[Image-backed grounding data]
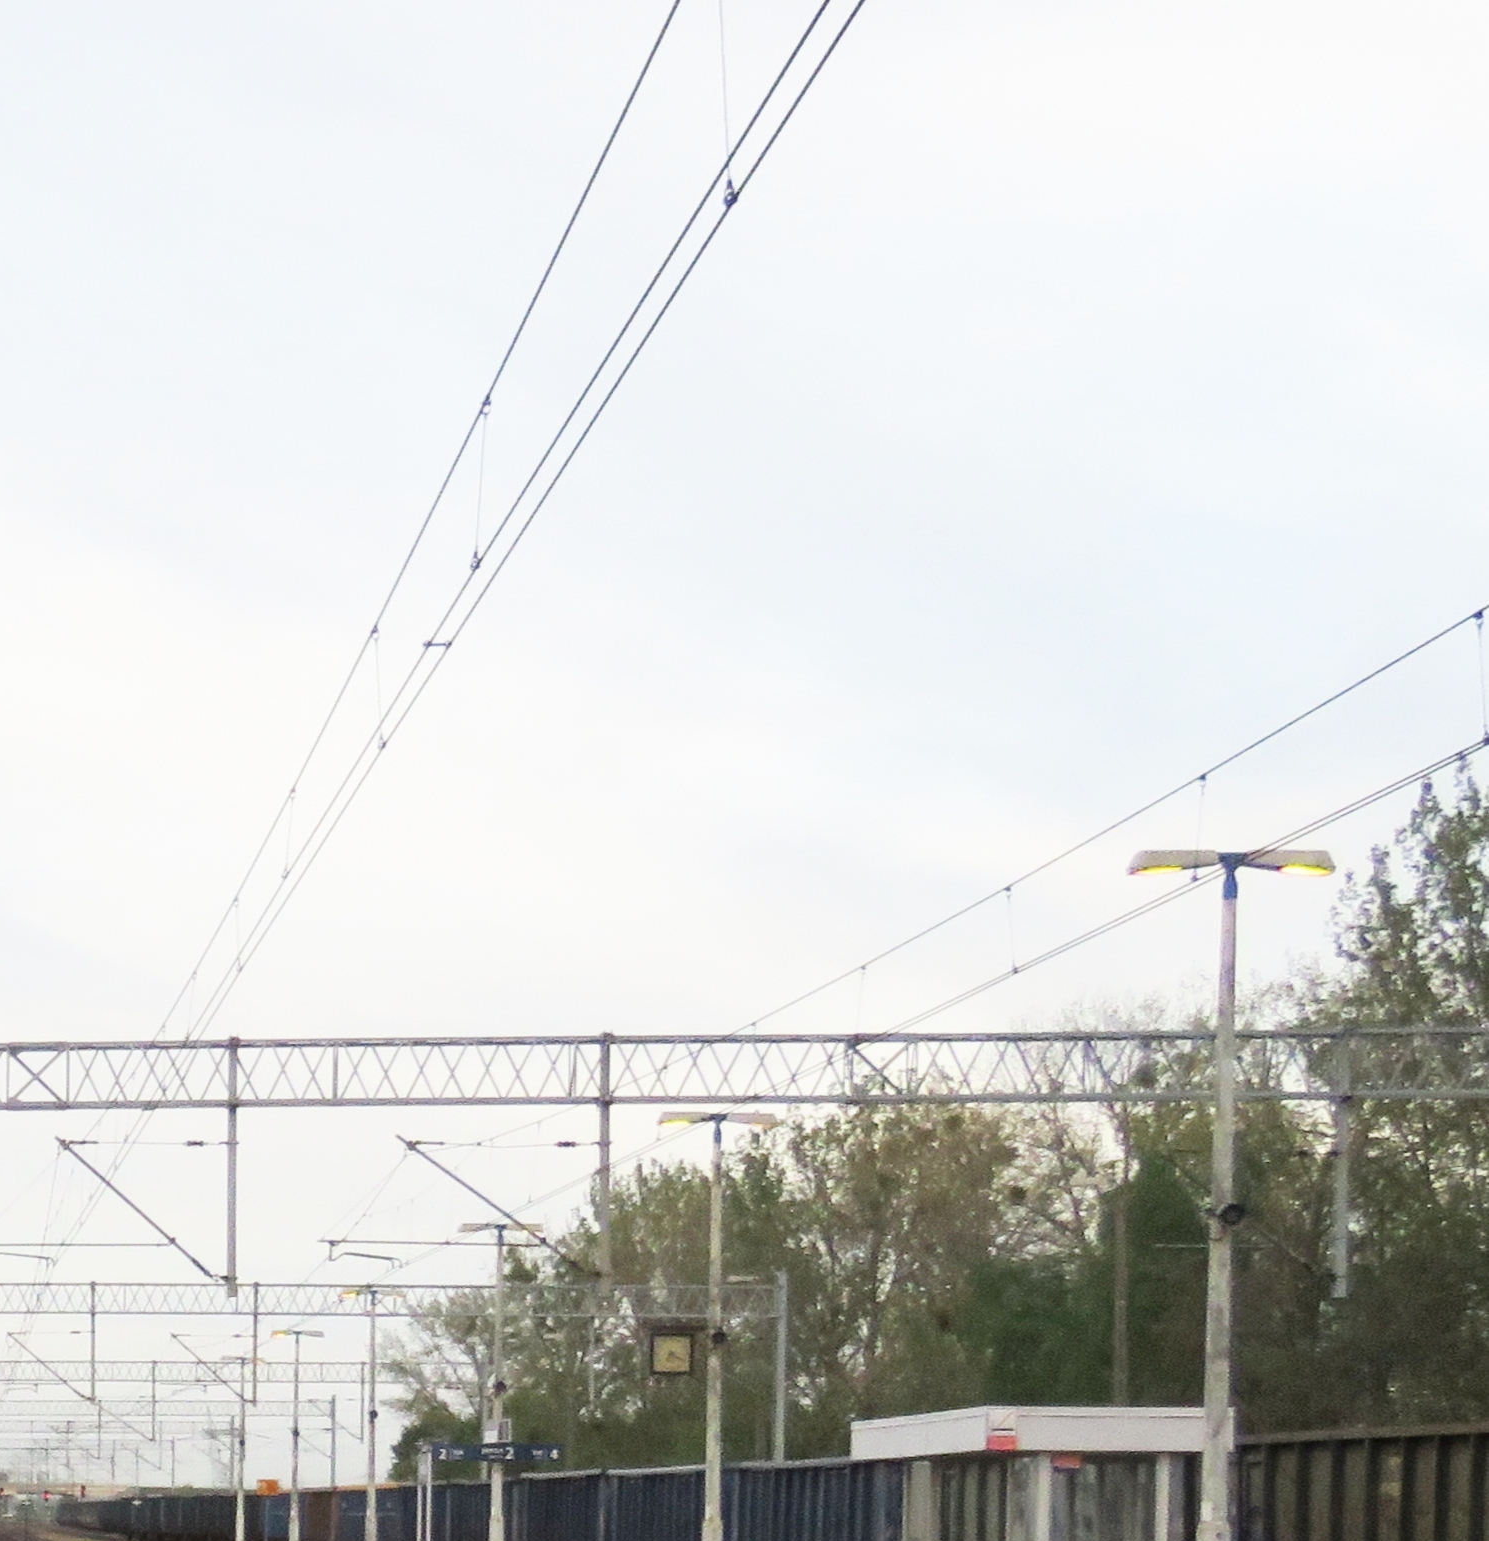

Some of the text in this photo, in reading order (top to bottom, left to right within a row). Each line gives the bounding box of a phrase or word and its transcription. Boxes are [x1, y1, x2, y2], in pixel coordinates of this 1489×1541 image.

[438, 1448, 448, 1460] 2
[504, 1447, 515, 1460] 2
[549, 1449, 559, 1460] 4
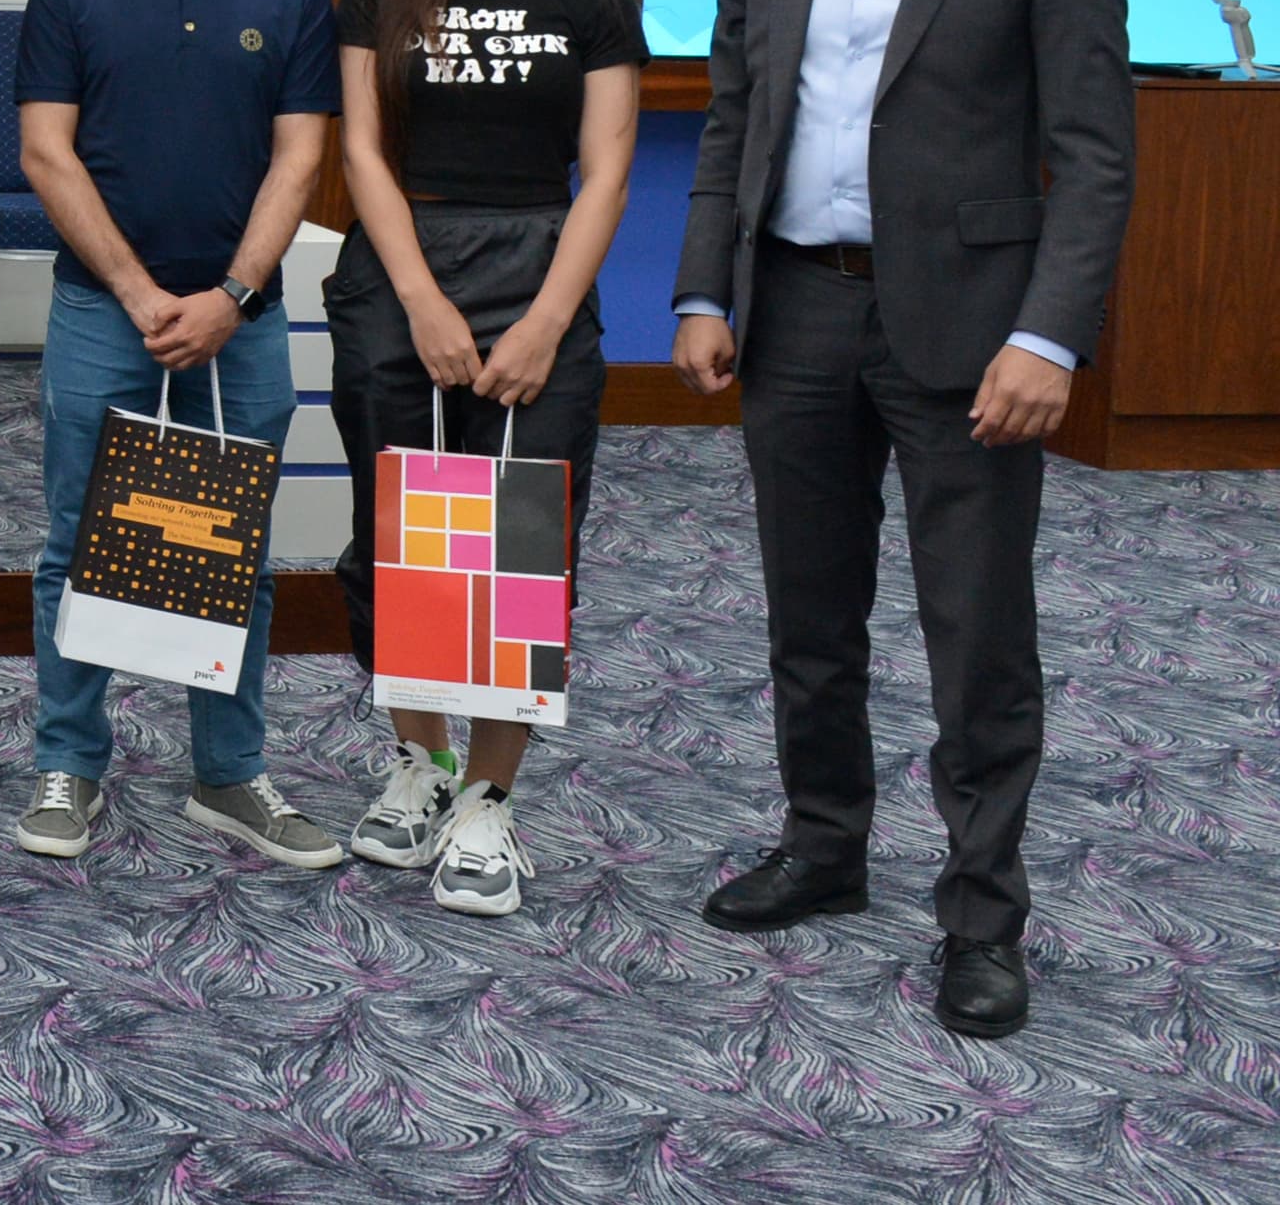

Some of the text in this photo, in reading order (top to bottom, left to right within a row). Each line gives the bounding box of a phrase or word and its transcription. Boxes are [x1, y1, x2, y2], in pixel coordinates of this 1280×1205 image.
==
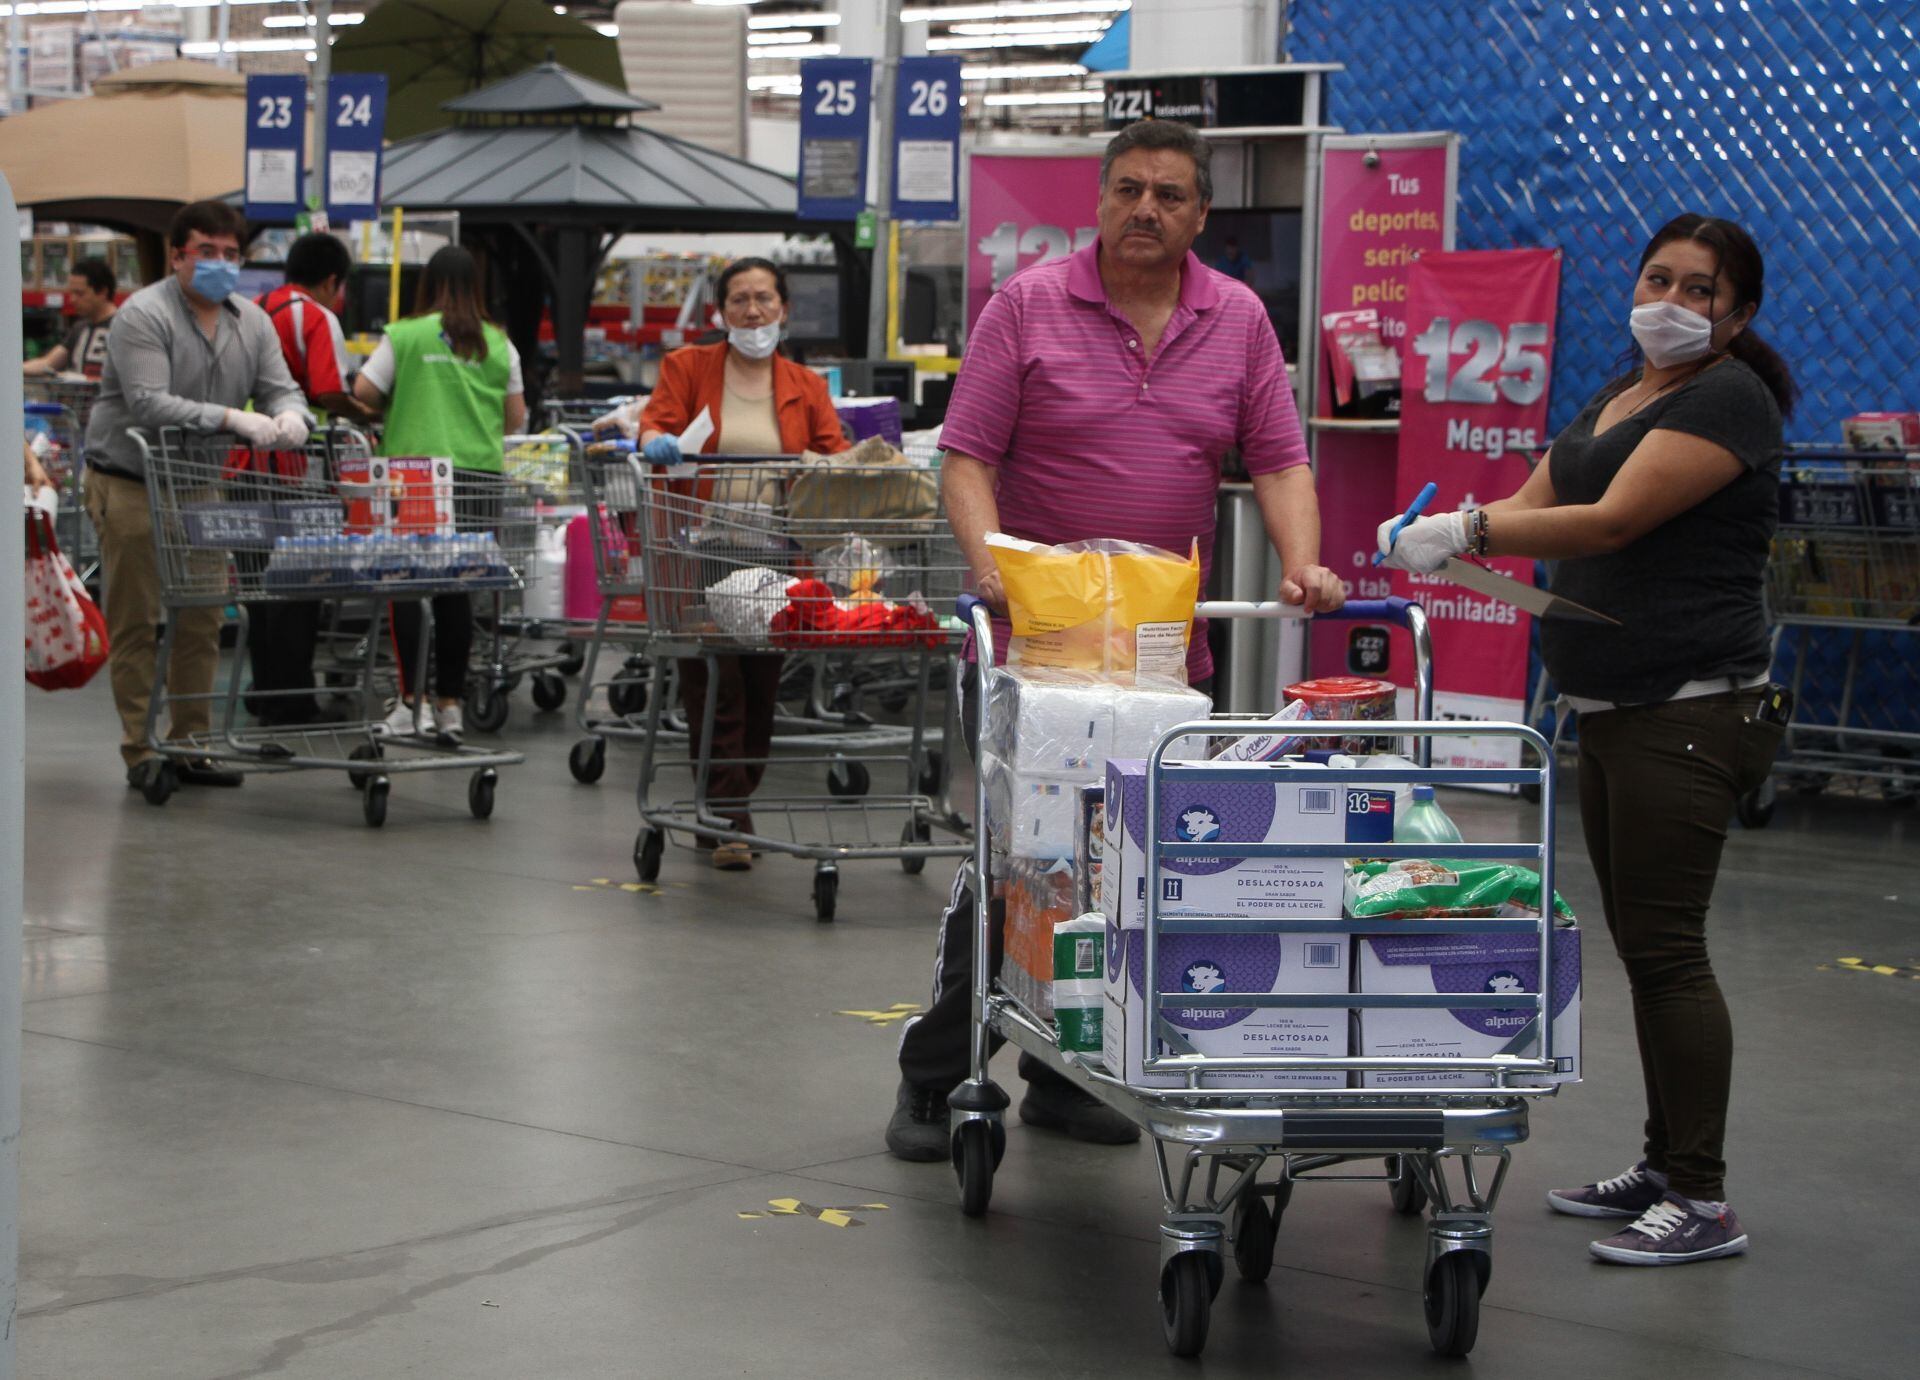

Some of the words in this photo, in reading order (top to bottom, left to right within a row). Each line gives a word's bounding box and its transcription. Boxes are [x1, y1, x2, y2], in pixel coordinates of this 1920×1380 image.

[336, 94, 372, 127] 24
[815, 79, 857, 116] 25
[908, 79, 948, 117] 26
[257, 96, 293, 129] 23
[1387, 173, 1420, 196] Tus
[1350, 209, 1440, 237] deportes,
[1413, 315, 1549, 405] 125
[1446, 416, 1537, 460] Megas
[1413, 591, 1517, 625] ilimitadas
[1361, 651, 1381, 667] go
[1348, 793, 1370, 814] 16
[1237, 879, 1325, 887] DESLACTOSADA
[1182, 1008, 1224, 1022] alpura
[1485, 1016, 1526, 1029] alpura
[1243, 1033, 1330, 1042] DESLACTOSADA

=== ASSIGNMENT ===
Leave out every picture, and copy exactly the lines above starting at the one holding "this 1489×1541 image." and ending at the one holding "this 1280×1205 image.", no more and no less.

=== EXPECTED ANSWER ===
Some of the text in this photo, in reading order (top to bottom, left to right within a row). Each line gives the bounding box of a phrase or word and its transcription. Boxes are [x1, y1, x2, y2], in pixel coordinates of this 1489×1541 image.

[438, 1448, 448, 1460] 2
[504, 1447, 515, 1460] 2
[549, 1449, 559, 1460] 4

Some of the text in this photo, in reading order (top to bottom, left to right within a row). Each line gives the bounding box of a phrase or word and its transcription. Boxes are [x1, y1, x2, y2], in pixel coordinates of this 1280×1205 image.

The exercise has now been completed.